The National Institute for Health and Care Research (NIHR) has awarded the Southampton Biomedical Research Centre (BRC) £25 million over the next five years. As part of this highly impactful research, IT Innovation will work with collegaues from the ECS (School of Electronics and Computer Science) Digital Health and Biomedical Engineering Research Group to advance the safety and efficacy of data-driven algorithms and decision-making outputs to improve insights from healthcare data.

The NIHR BRC is an interdisciplinary partnership between the University of Southampton and University Hospital Southampton NHS Foundation Trust (UHSFT).

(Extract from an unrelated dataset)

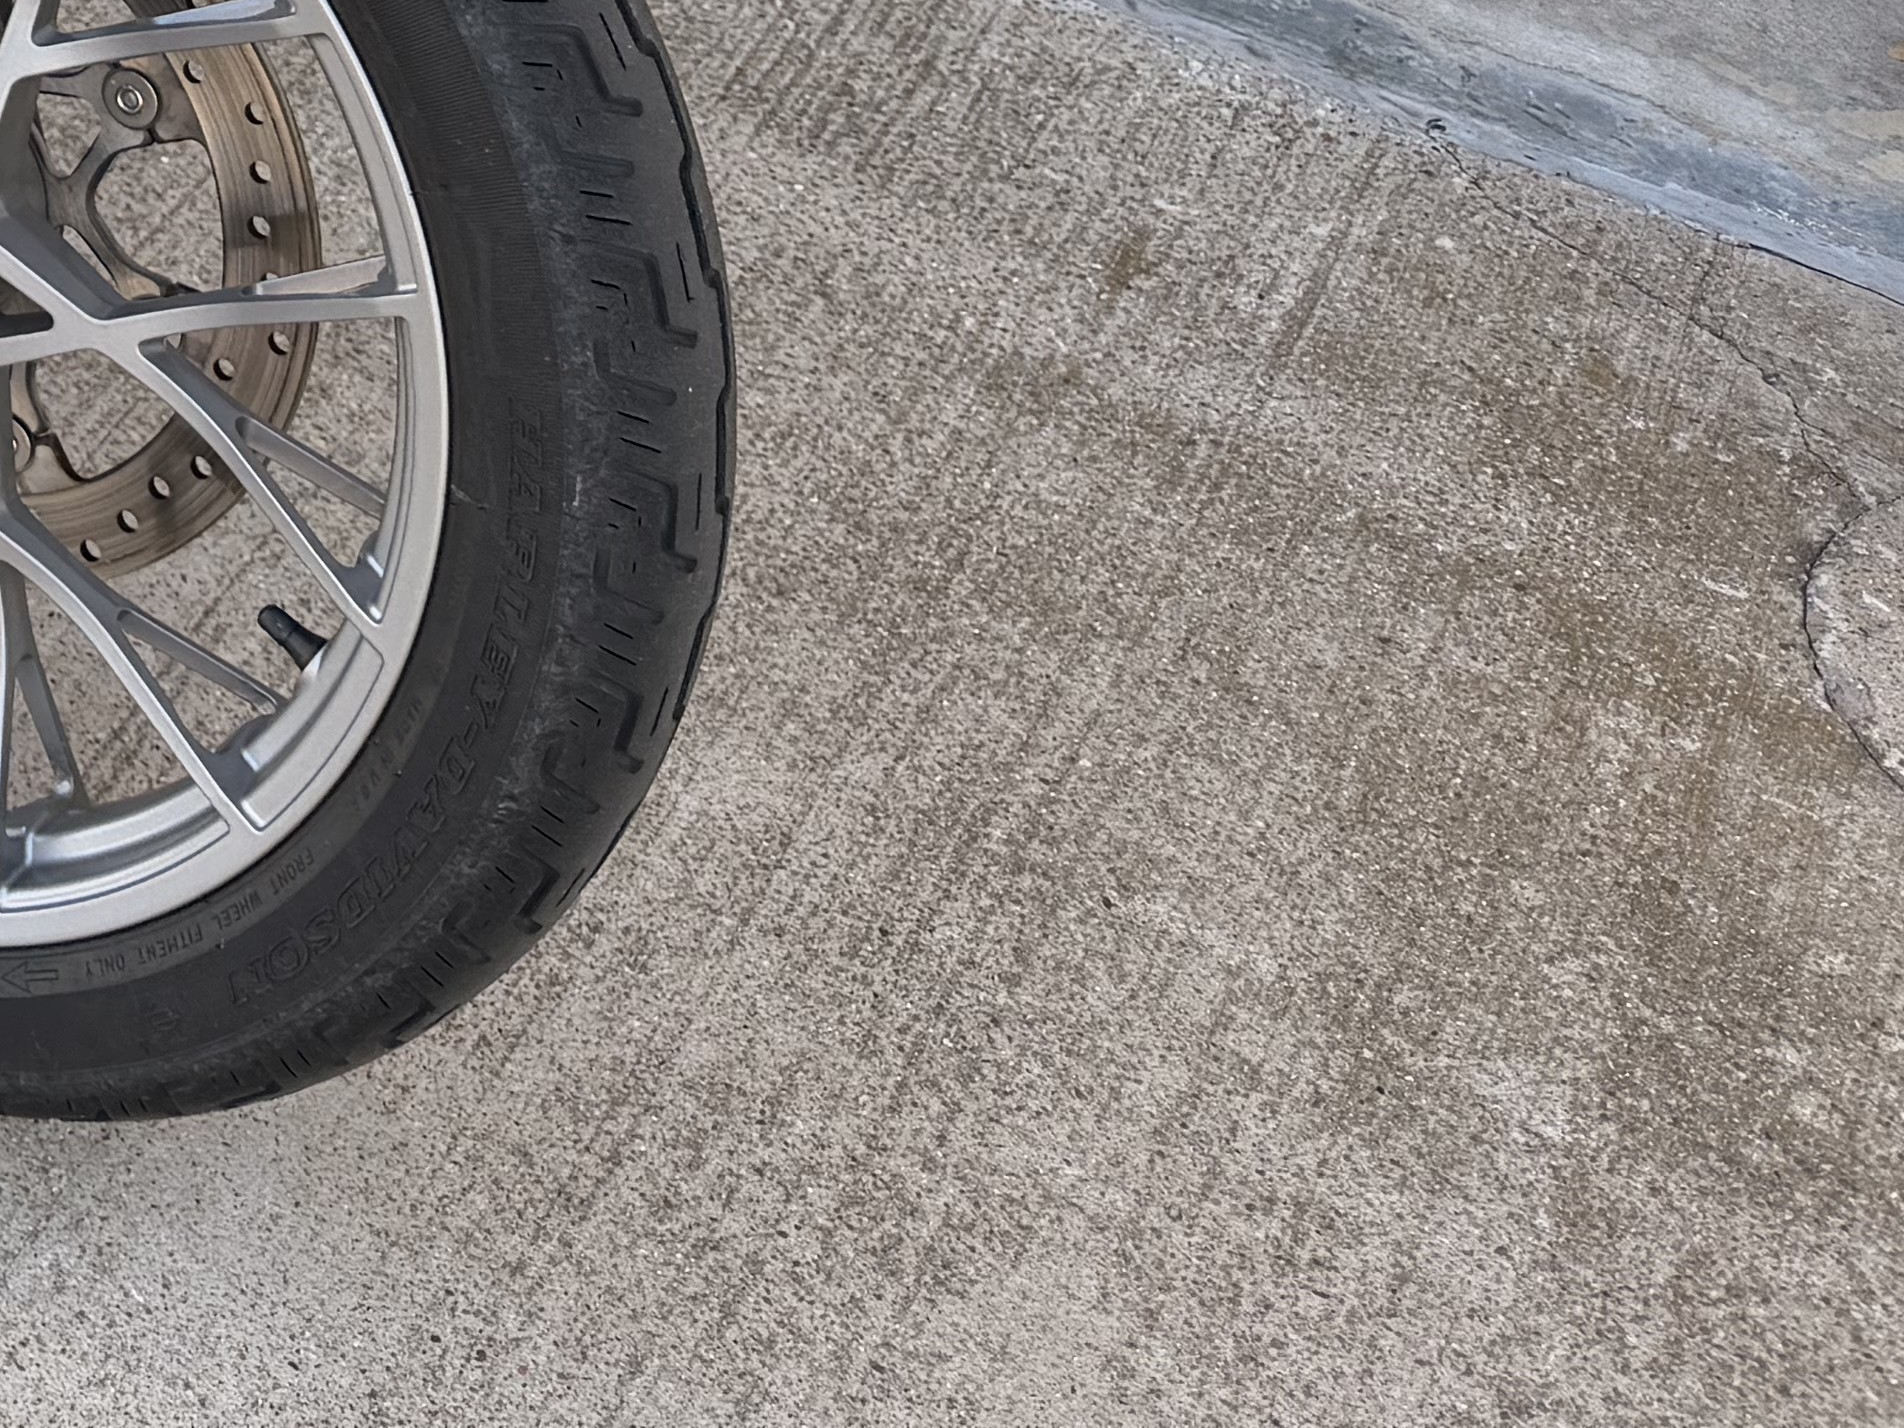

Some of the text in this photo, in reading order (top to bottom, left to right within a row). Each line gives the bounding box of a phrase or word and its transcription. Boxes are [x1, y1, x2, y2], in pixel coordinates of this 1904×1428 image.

[84, 849, 315, 979] FRONT WHEEL FITMENT ONLY

The £25 million award builds on the work of the Southampton BRC​​​​​​​, founded in 2008, and moves the research in a new direction of Data, Health and Society.

Led by Professor Dame Wendy Hall (ECS and Executive Director of the Web Science Institute) and Professor Anneke Lucassen (Clinical Genetics), and supported by Professor Age Chapman, Professor Michael Boniface and Professor Chris Kipps (NHS UHS), the Data, Health and Society vision is to move beyond data science, harnessing computer science, artificial intelligence and an exploration of societal implications, to create a trusted and trustworthy learning healthcare system.

Professor Boniface said

“Many medical discoveries now happen in socio-technical networks of people, data and connected health systems. Novel sensors are driving the digitisation of human health whilst advances in artificial intelligence have potential to improve all aspects of care. The BRC Data, Health and Society theme aims to discover new ways of studying complex data-driven health systems and to establish interdisciplinary teams working with patients and the public to tackle challenges of acute care, self-management of chronic disease and public health.”

Professor Chapman said

"I’m so proud to have been awarded this grant to further develop the research that I and Professor Michael Boniface have been conducting. The support from Professor Dame Wendy Hall and Professor Anneke Lucassen has been fundamental and I look forward to working with them further. Together, we are going to transform understanding of technology for health".

Professor Age Chapman and Professor Michael Boniface’s research have identified that progress in using technology for health requires iterative experimentation of the way citizens and professionals use data for decision-making and risk prediction in health and social care. They will test safety and efficacy of data-driven algorithms and decision-making outputs to enhance trustworthiness of our healthcare system and improve insights from healthcare data.

Other ECS members are involved in additional BRC Themes; Professor Hywel Morgan is embedded with the Microbiology, Immunology and Infection (MII) and Respiratory and Allergy Themes; Professor Neil White is working within the Perioperative and Critical Care Theme.